:: Information ::
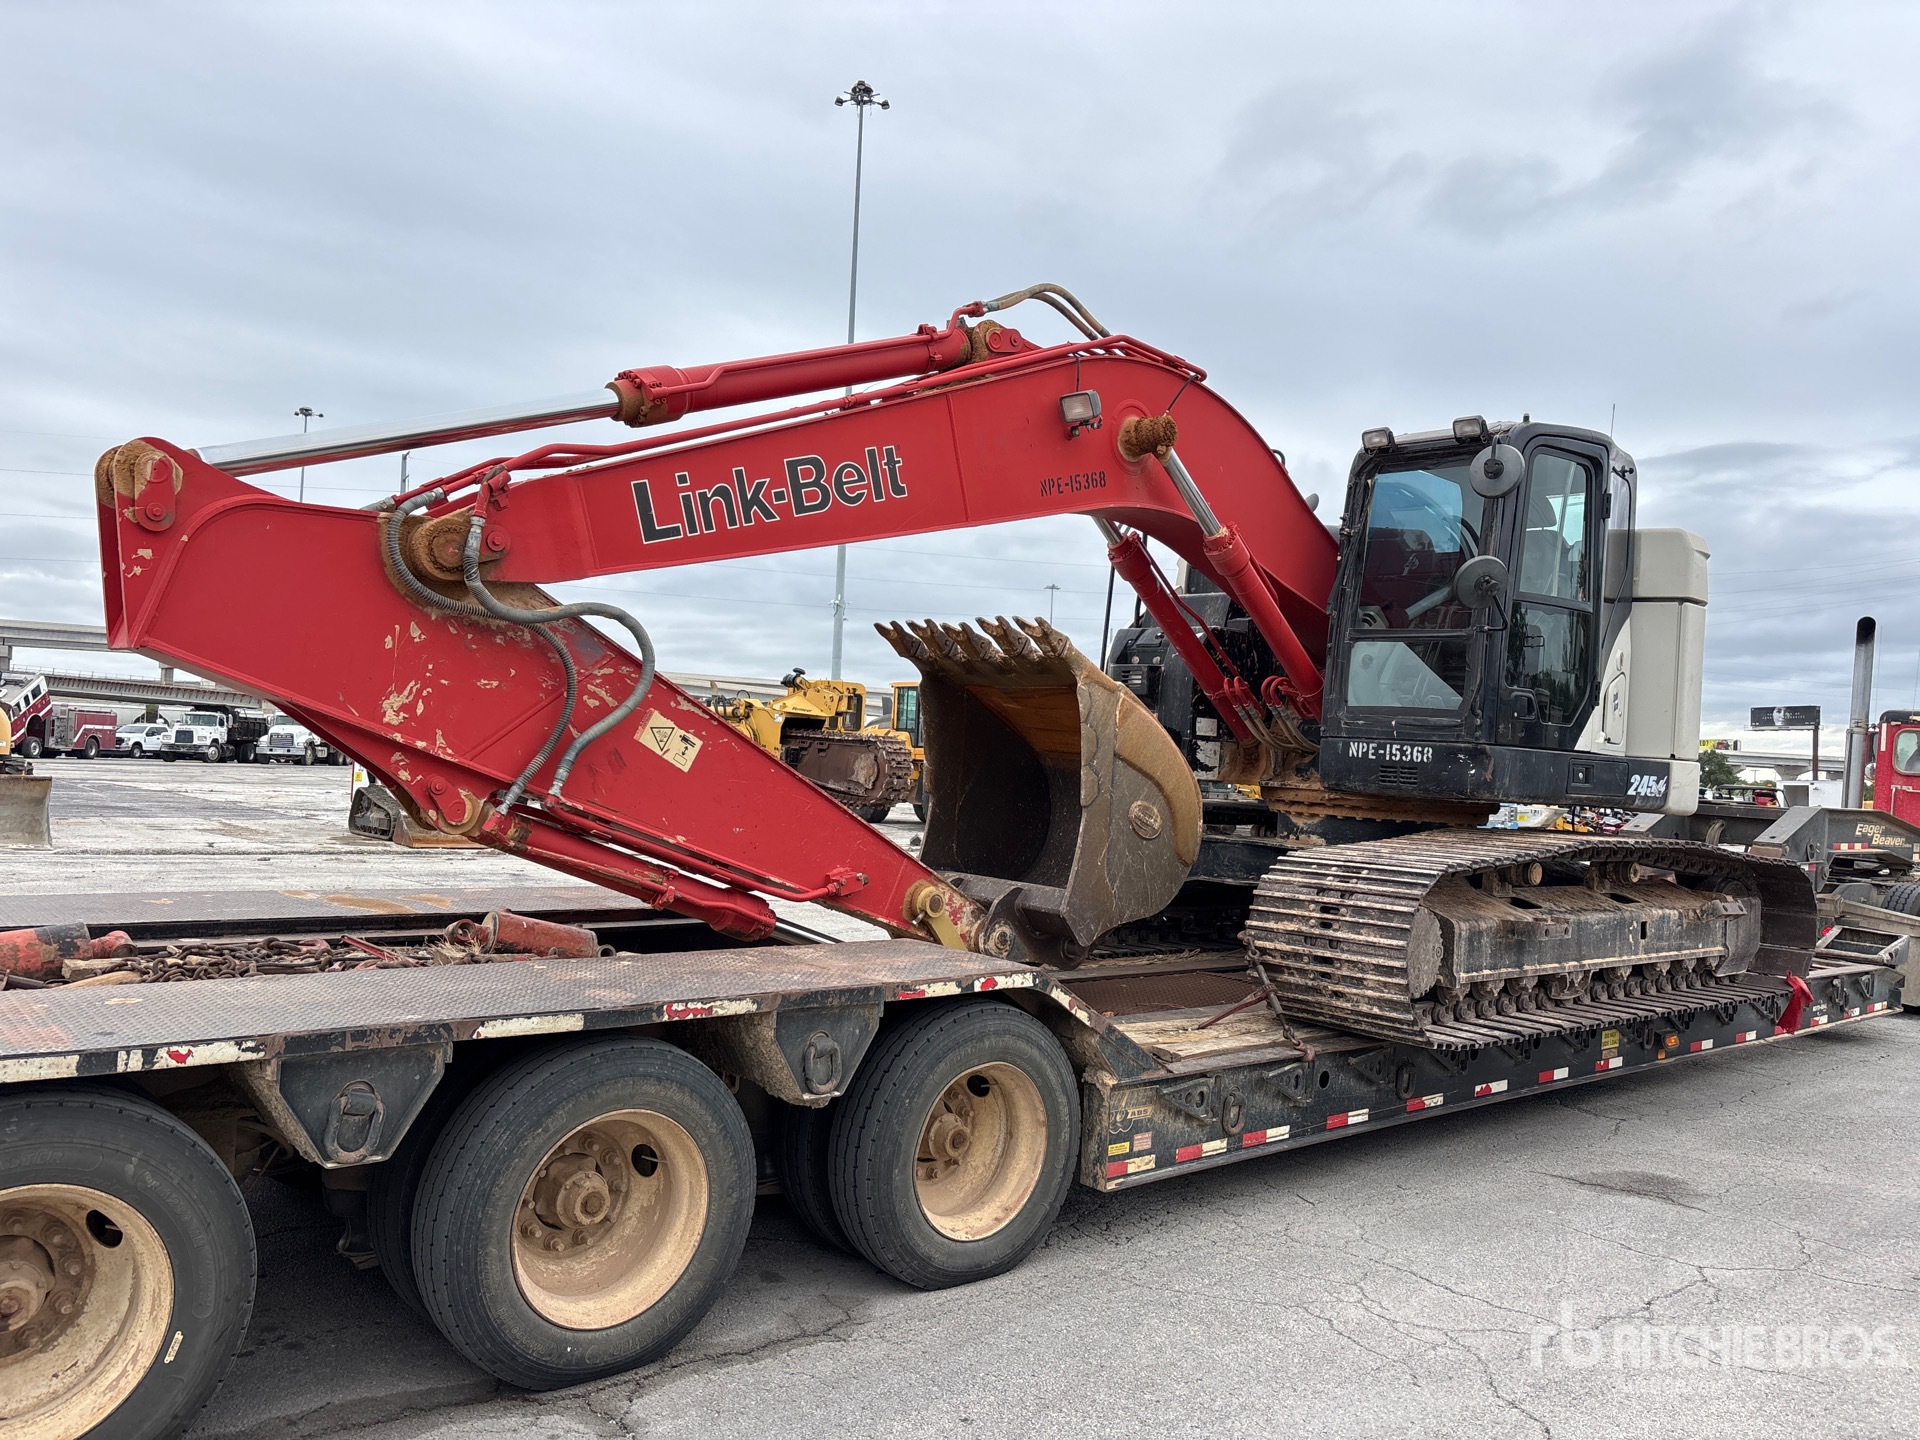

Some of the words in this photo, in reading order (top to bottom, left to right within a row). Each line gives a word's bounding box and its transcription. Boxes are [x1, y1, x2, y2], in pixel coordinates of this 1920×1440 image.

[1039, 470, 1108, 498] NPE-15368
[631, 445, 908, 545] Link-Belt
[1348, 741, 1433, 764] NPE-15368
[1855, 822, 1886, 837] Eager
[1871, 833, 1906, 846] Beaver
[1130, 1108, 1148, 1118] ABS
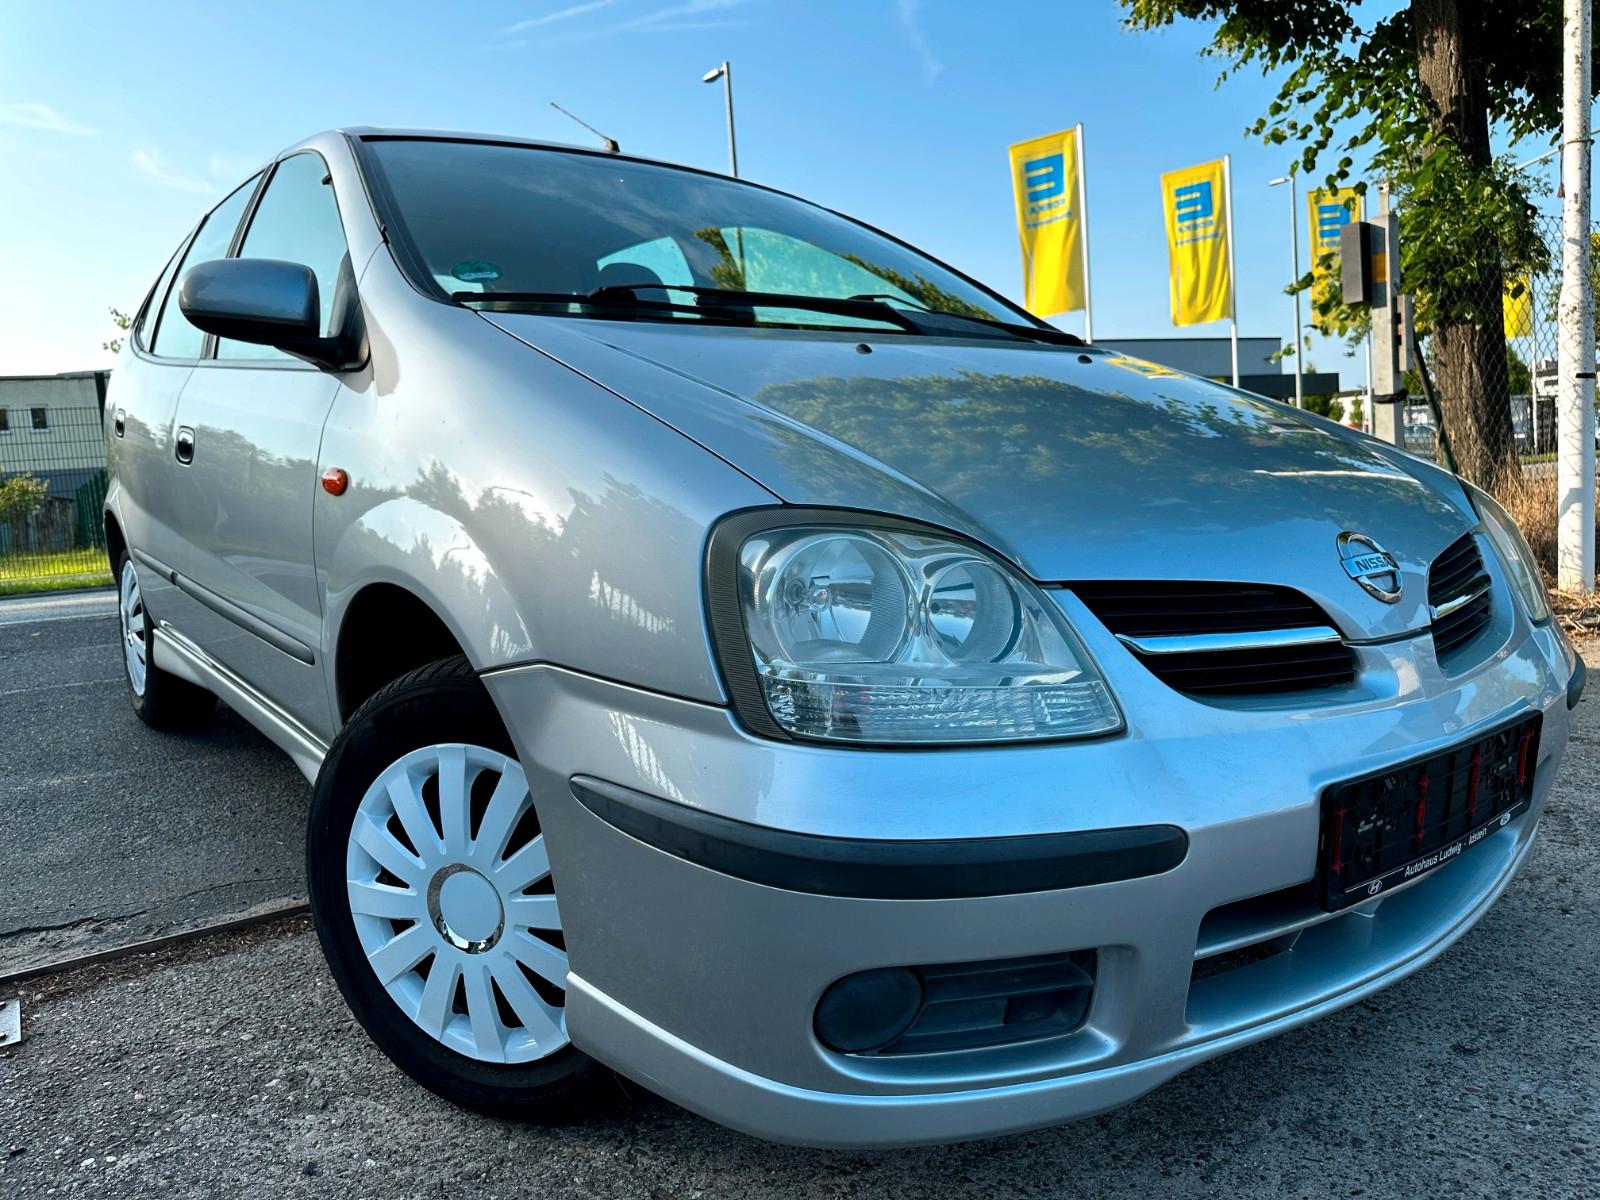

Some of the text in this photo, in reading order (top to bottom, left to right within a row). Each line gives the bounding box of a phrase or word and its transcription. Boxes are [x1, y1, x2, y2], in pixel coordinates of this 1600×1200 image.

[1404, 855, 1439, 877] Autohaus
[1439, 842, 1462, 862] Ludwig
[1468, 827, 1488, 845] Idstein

:: Description of the task ::
Transcribe the material above word for word; images do not belong in the copy.

:: Task solution ::
Some of the words in this photo, in reading order (top to bottom, left to right within a row). Each line gives a word's bounding box and its transcription. Boxes are [x1, y1, x2, y2], in pixel coordinates of this 1920×1440 image.

[1039, 470, 1108, 498] NPE-15368
[631, 445, 908, 545] Link-Belt
[1348, 741, 1433, 764] NPE-15368
[1855, 822, 1886, 837] Eager
[1871, 833, 1906, 846] Beaver
[1130, 1108, 1148, 1118] ABS

Some of the text in this photo, in reading order (top to bottom, left to right within a row). Each line gives the bounding box of a phrase or word and its transcription. Boxes are [x1, y1, x2, y2], in pixel coordinates of this 1600×1200 image.

[1404, 855, 1439, 877] Autohaus
[1439, 842, 1462, 862] Ludwig
[1468, 827, 1488, 845] Idstein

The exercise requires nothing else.